Results in the present study differed from the reported effects of taxol on CNS regeneration. Taxol has been shown to facilitate axonal regeneration in the CNS after spinal cord injury by decreasing scar formation and enhancing intrinsic axonal growth. This is because taxol can moderately stabilize the microtubules which may counteract various cellular processes that prevent axon regeneration. Unlike the axons of the peripheral nervous system (PNS), which have the capacity to regenerate, central nervous axons form retraction bulbs at their tips after injury, and do not regrow. Normally, this retraction bulb has disorganized microtubules, but application of taxol after central nervous injury interferes with the formation of retraction bulbs. This causes microtubules in these axonal endings to become parallel and bundled, and no longer be disorganized17. Thus, taxol has been reported to offer a multi-targeted therapy for spinal cord injury8. All of these findings show that the dynamic properties of microtubules are critically important to axonal growth and regeneration18.

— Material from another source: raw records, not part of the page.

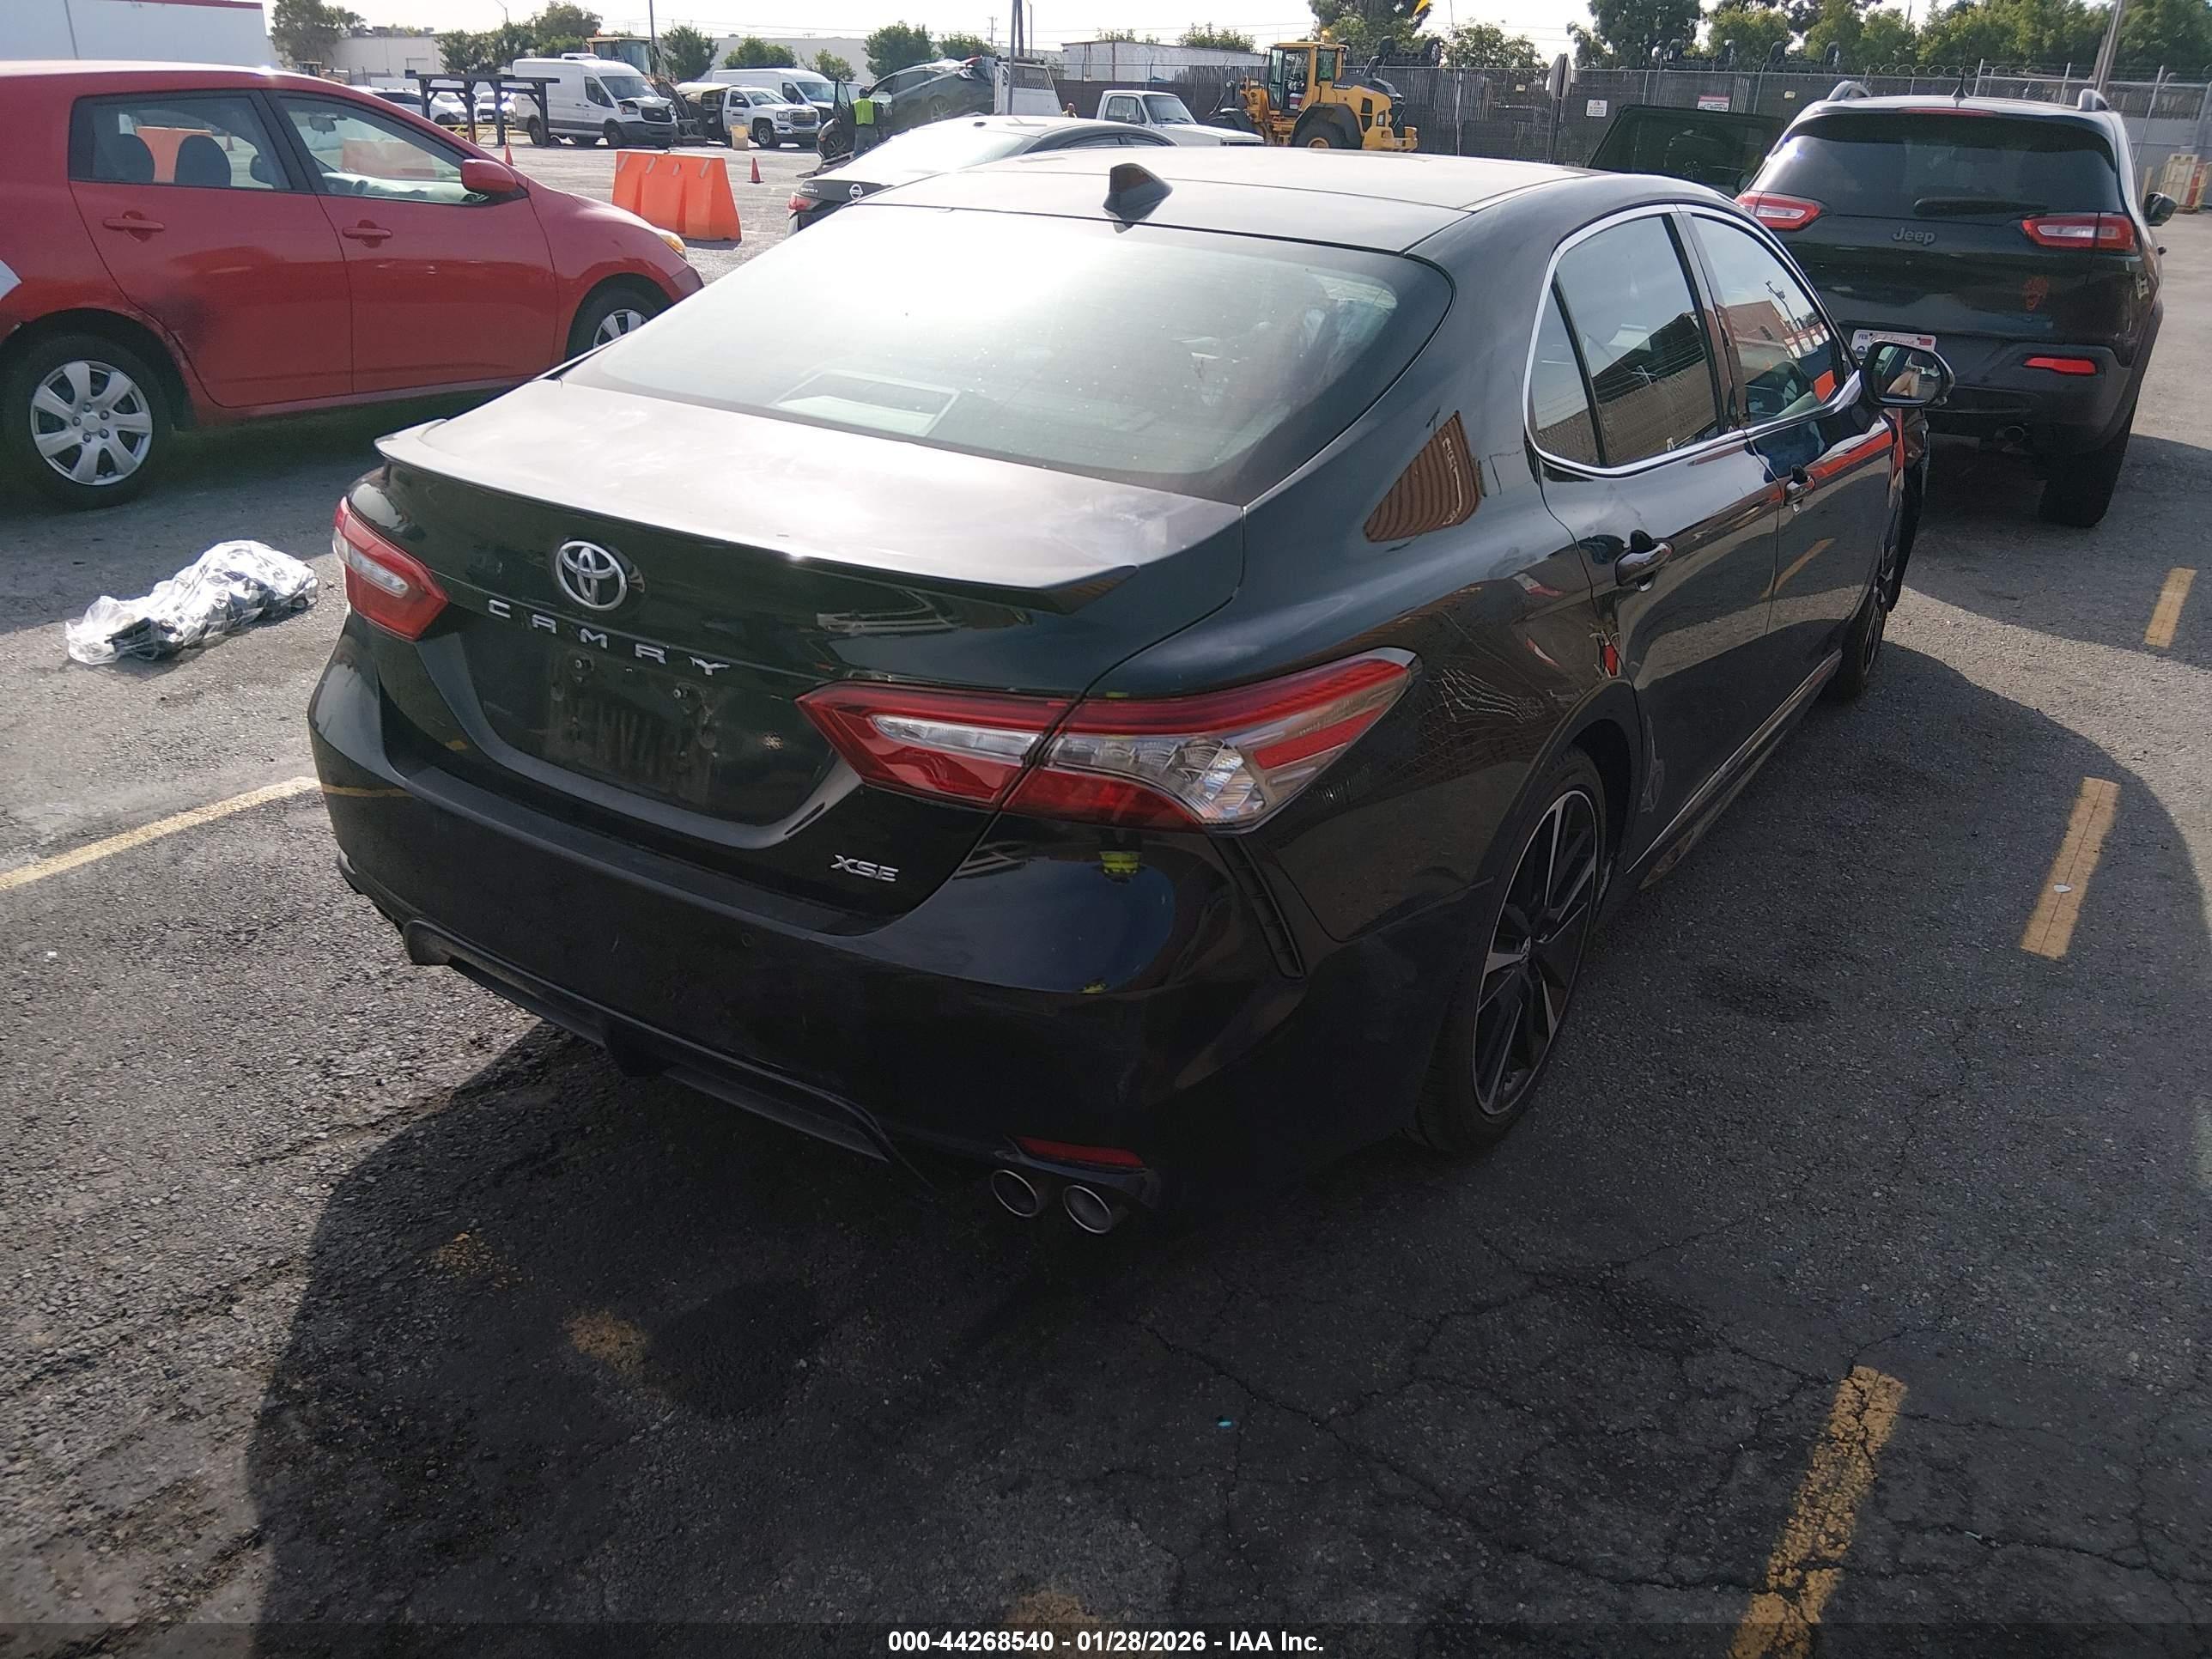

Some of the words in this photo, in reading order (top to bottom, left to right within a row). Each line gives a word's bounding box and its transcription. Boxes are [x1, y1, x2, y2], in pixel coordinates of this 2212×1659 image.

[1892, 227, 1936, 246] Jeep
[488, 599, 730, 677] CAMRY
[830, 854, 900, 883] XSE
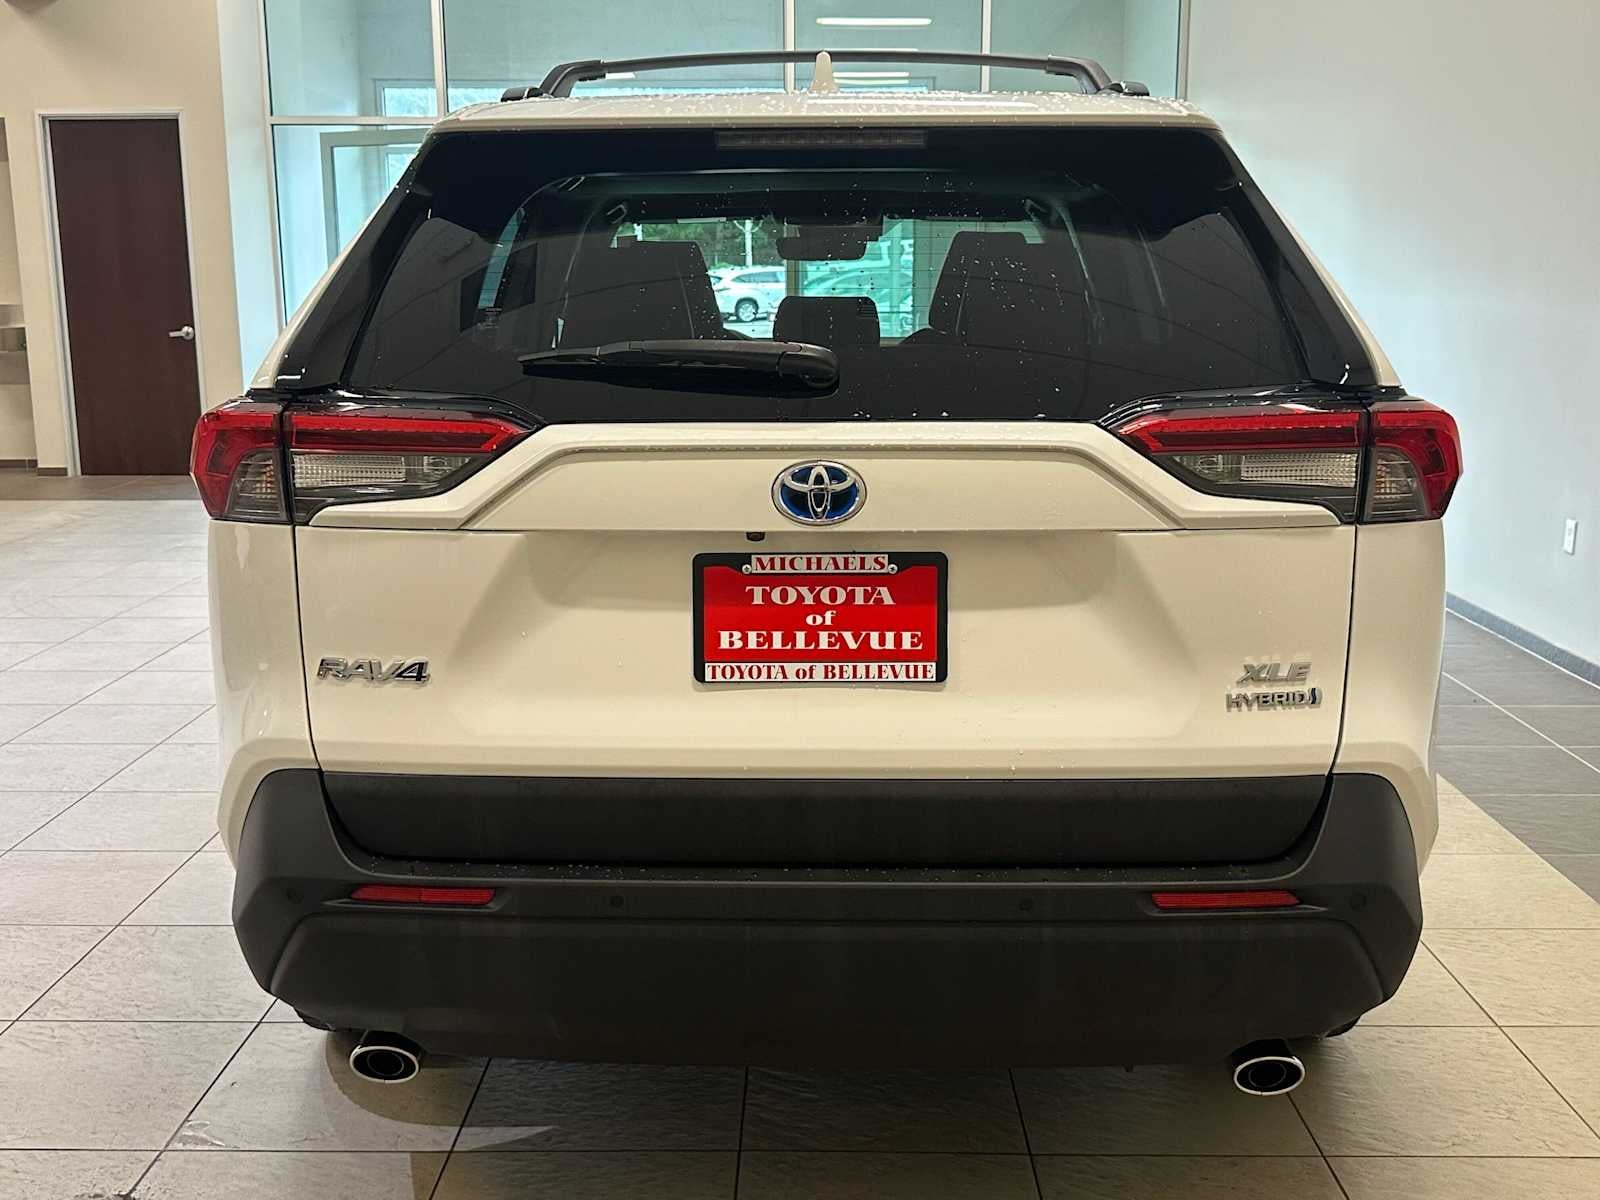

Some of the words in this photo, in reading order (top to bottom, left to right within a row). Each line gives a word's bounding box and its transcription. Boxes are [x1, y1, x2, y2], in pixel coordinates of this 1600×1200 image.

[755, 556, 887, 571] MICHAELS
[745, 586, 896, 605] TOYOTA
[805, 610, 836, 626] of
[718, 631, 923, 650] BELLEVUE
[317, 658, 430, 682] RAV4
[707, 664, 789, 680] TOYOTA
[795, 664, 817, 680] of
[823, 664, 934, 680] BELLEVUE
[1236, 661, 1312, 684] XLE
[1226, 690, 1308, 712] HYBRID
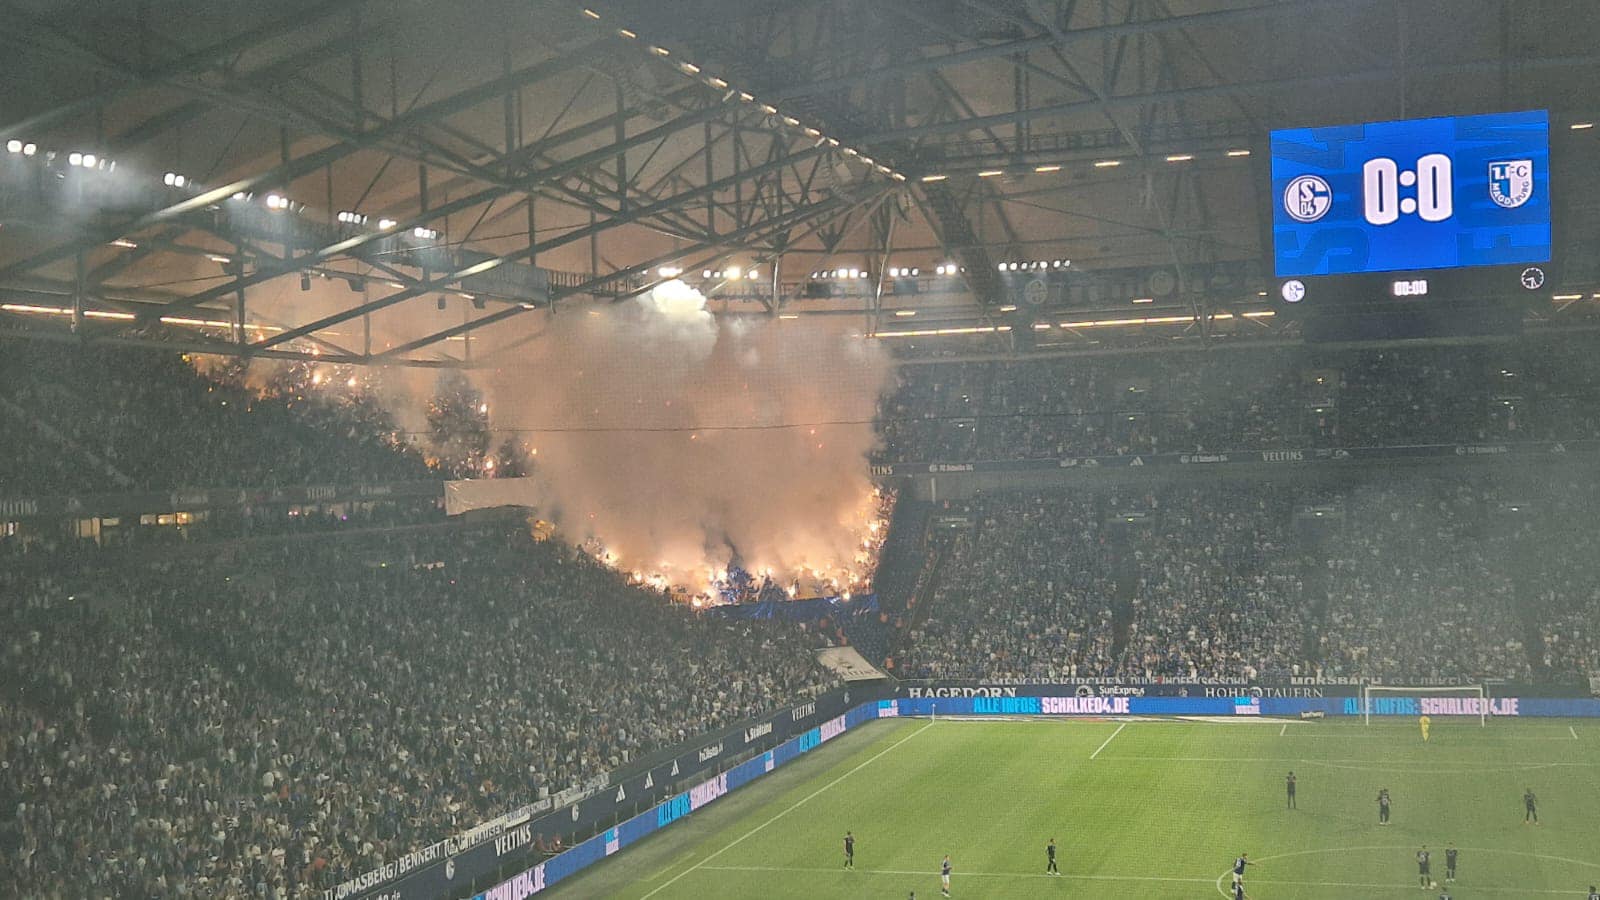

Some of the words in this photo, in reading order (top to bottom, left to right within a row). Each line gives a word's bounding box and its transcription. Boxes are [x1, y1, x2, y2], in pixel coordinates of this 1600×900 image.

The inflammatory response that accompanies neural injury involves multiple cell types and effector molecules with either positive or negative effects. Inflammation is essential for normal regeneration in the peripheral nervous system, induction of inflammation within dorsal root ganglia, when combined with other treatments, enables peripheral sensory neurons to regenerate axons into the spinal cord. However, inflammation also has negative effects that impede recovery. In light of the importance of inflammation for neural repair, it is important to identify the specific cell types and molecules responsible for the positive and negative effects of inflammation and to develop treatments that tip the balance to favor repair19. Successful PNS regeneration relies on both injured axons and non-neuronal cells such as immune cells, especially the macrophages. Upon nerve injury, macrophages infiltrate the injury sites. Here, they not only contribute to Wallerian degeneration but are also polarized to an anti-inflammatory phenotype as a result of the influence of the local microenvironment, contributing to axonal regeneration20. Apart from their role in removing myelin debris from the degeneration process, the macrophages and their released cytokine interleukin-1β could also stimulate the secretion of various growth factors in dissected nerve segments, which could exert neurotrophic effects on regenerating nerve fibres21,22,23. In the present study, macrophage infiltration density was significantly decreased in the distal sciatic nerve after injury in the taxol-treated (2 and 6 mg/kg) groups. This may cause a delay in Wallerian degeneration accompanied with less secretion of neurotrophic factors, resulting in impaired nerve regeneration.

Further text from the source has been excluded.